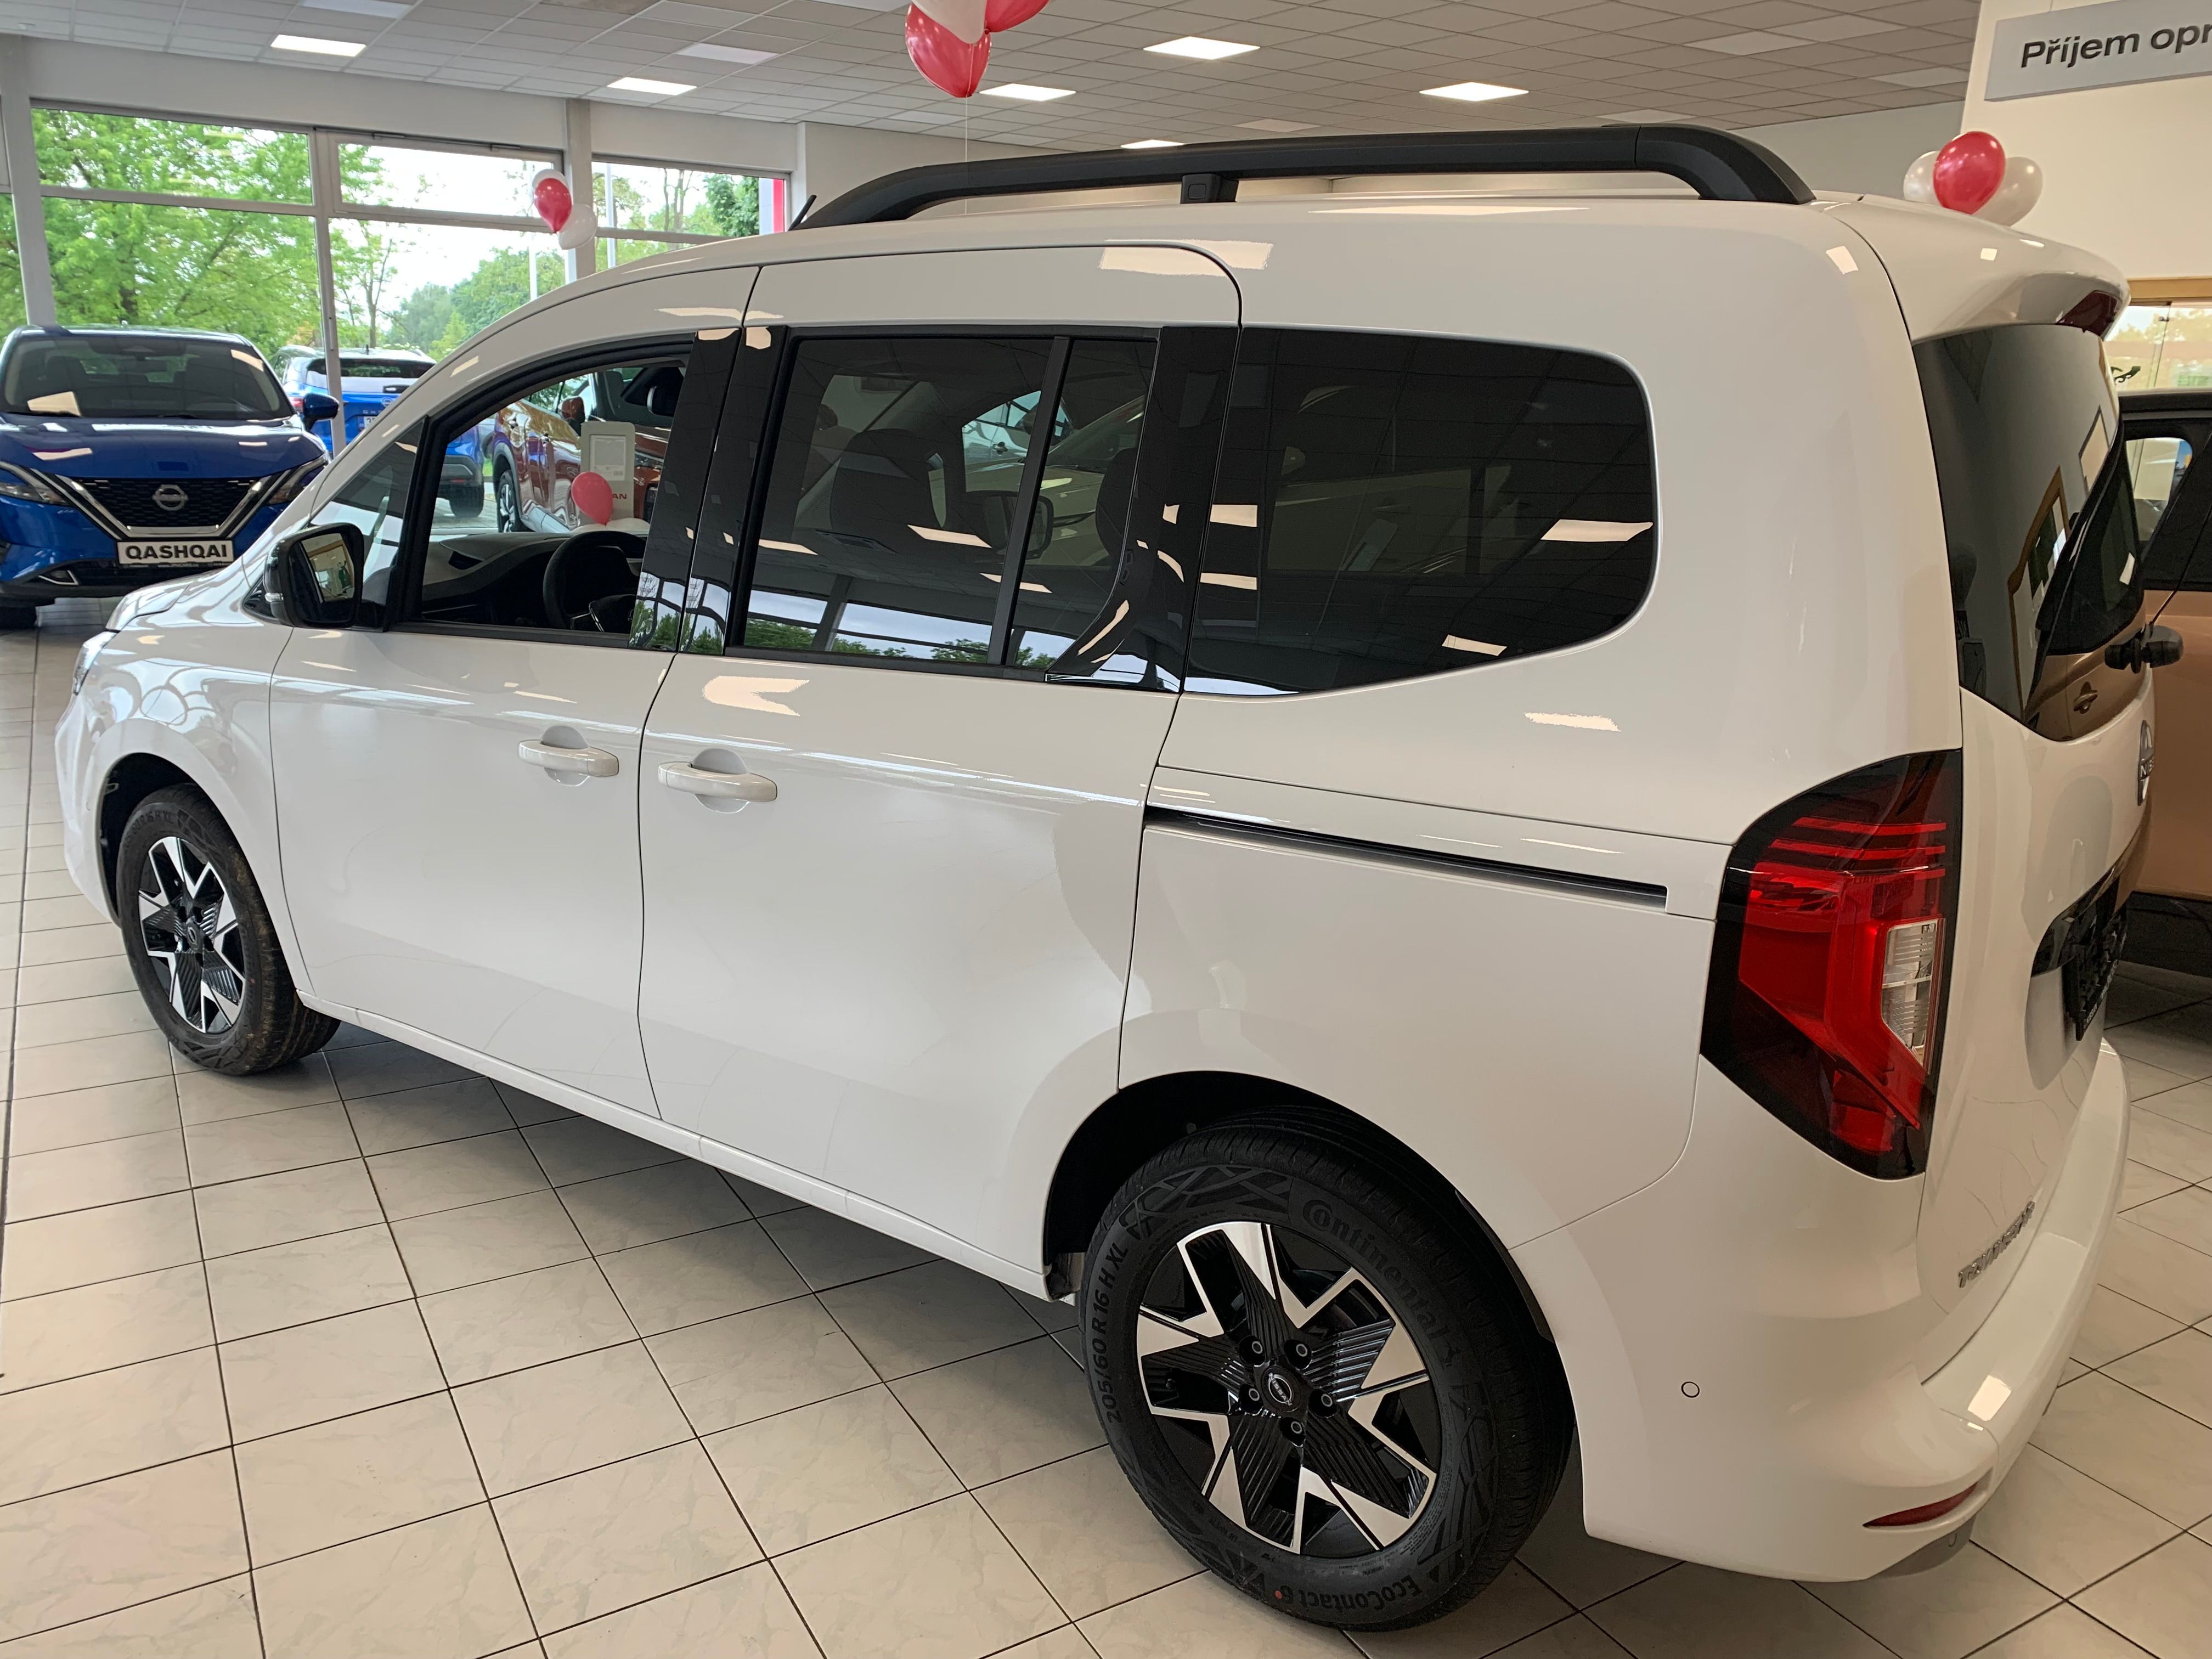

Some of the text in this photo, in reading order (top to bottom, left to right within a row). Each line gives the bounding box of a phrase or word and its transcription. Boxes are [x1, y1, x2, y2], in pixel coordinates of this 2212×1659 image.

[2022, 33, 2140, 68] Příjem
[125, 544, 227, 560] QASHQAI
[1302, 1199, 1449, 1340] Continental
[1091, 1242, 1128, 1424] 205/60 R 16 H XL
[1299, 1575, 1423, 1612] EcoContact
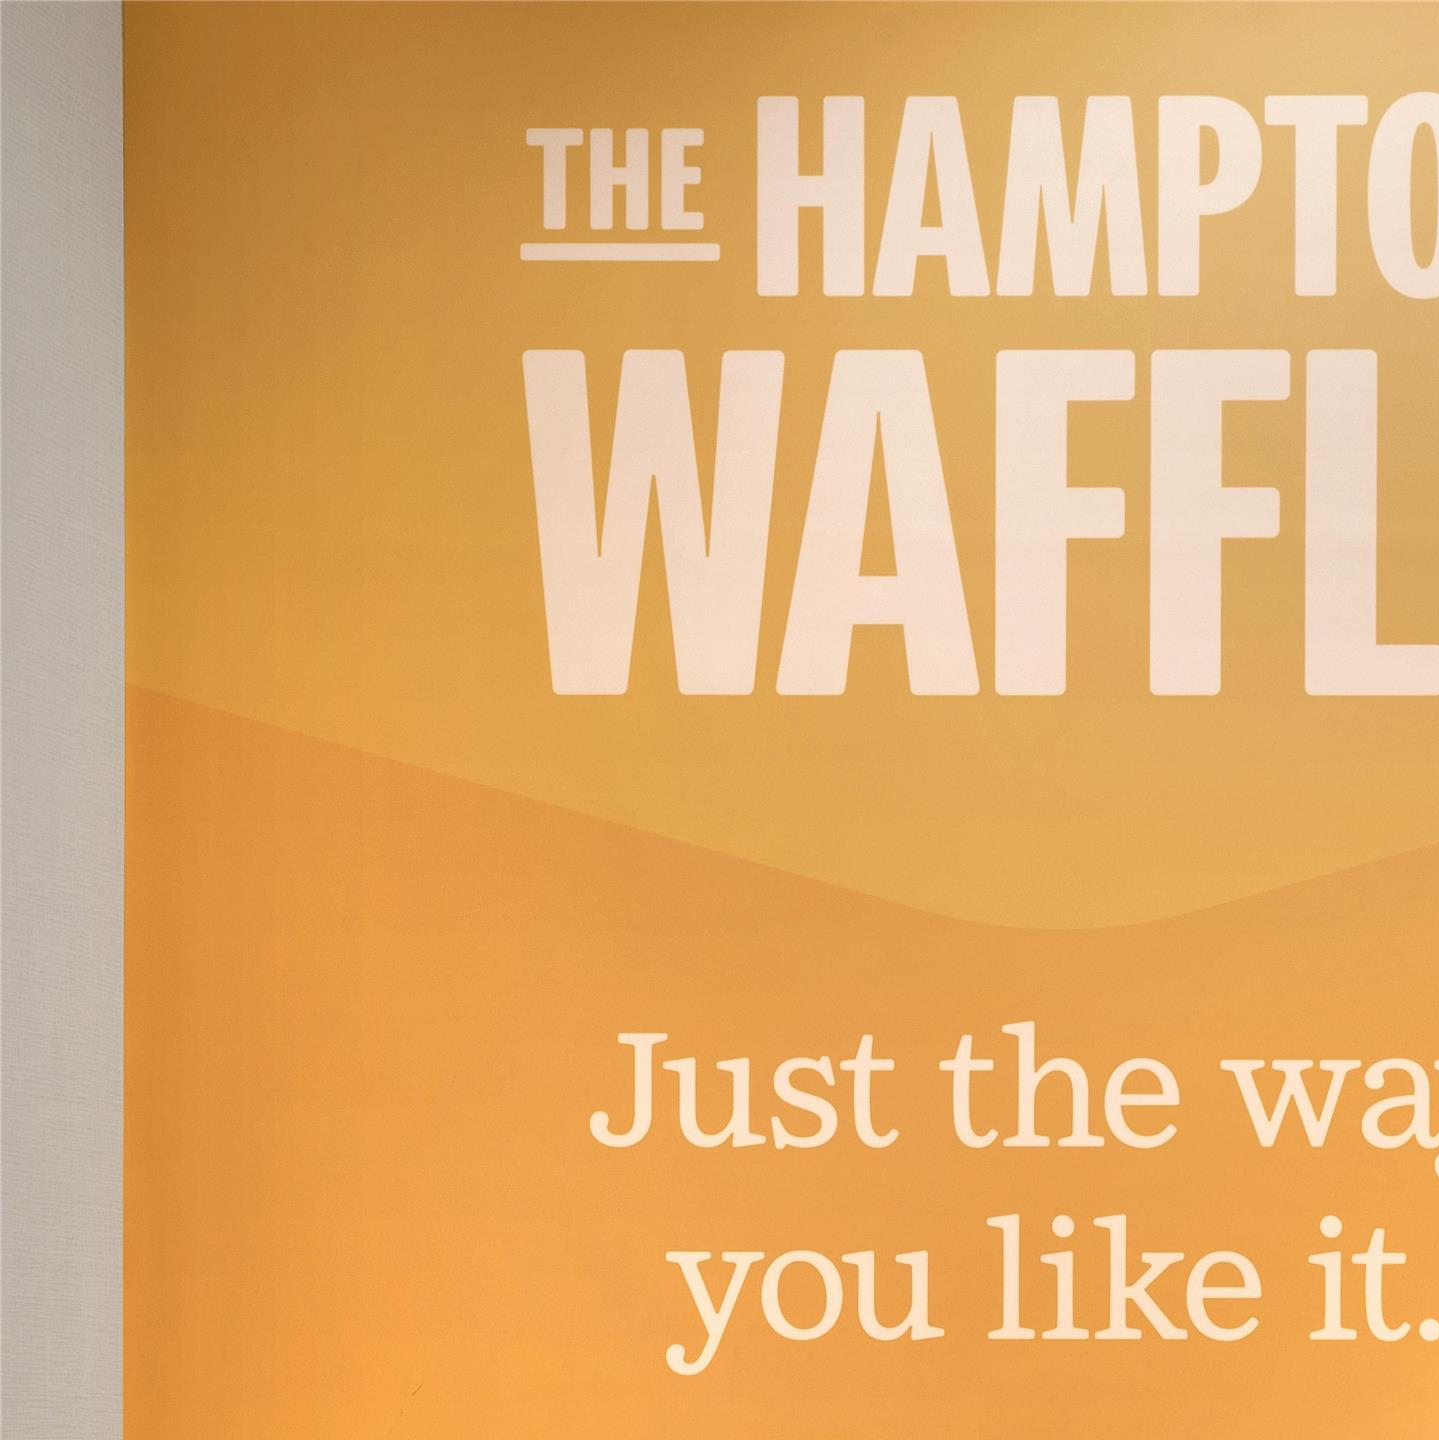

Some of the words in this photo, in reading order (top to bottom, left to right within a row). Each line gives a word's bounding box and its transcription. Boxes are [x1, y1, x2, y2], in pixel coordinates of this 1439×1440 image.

[526, 128, 704, 229] THE
[590, 1032, 899, 1149] Just
[940, 1021, 1180, 1148] the
[665, 1250, 944, 1375] you
[987, 1213, 1261, 1341] like

===

__Work task__
Because the pictures are not wanted, retype every record exactly without them.

__Output for this exercise__
Some of the text in this photo, in reading order (top to bottom, left to right within a row). Each line gives the bounding box of a phrase or word and its transcription. Boxes are [x1, y1, x2, y2], in pixel coordinates of this 2212×1659 image.

[2022, 33, 2140, 68] Příjem
[125, 544, 227, 560] QASHQAI
[1302, 1199, 1449, 1340] Continental
[1091, 1242, 1128, 1424] 205/60 R 16 H XL
[1299, 1575, 1423, 1612] EcoContact

Some of the words in this photo, in reading order (top to bottom, left to right within a row). Each line gives a word's bounding box and its transcription. Boxes are [x1, y1, x2, y2], in pixel coordinates of this 1439×1440 image.

[526, 128, 704, 229] THE
[590, 1032, 899, 1149] Just
[940, 1021, 1180, 1148] the
[665, 1250, 944, 1375] you
[987, 1213, 1261, 1341] like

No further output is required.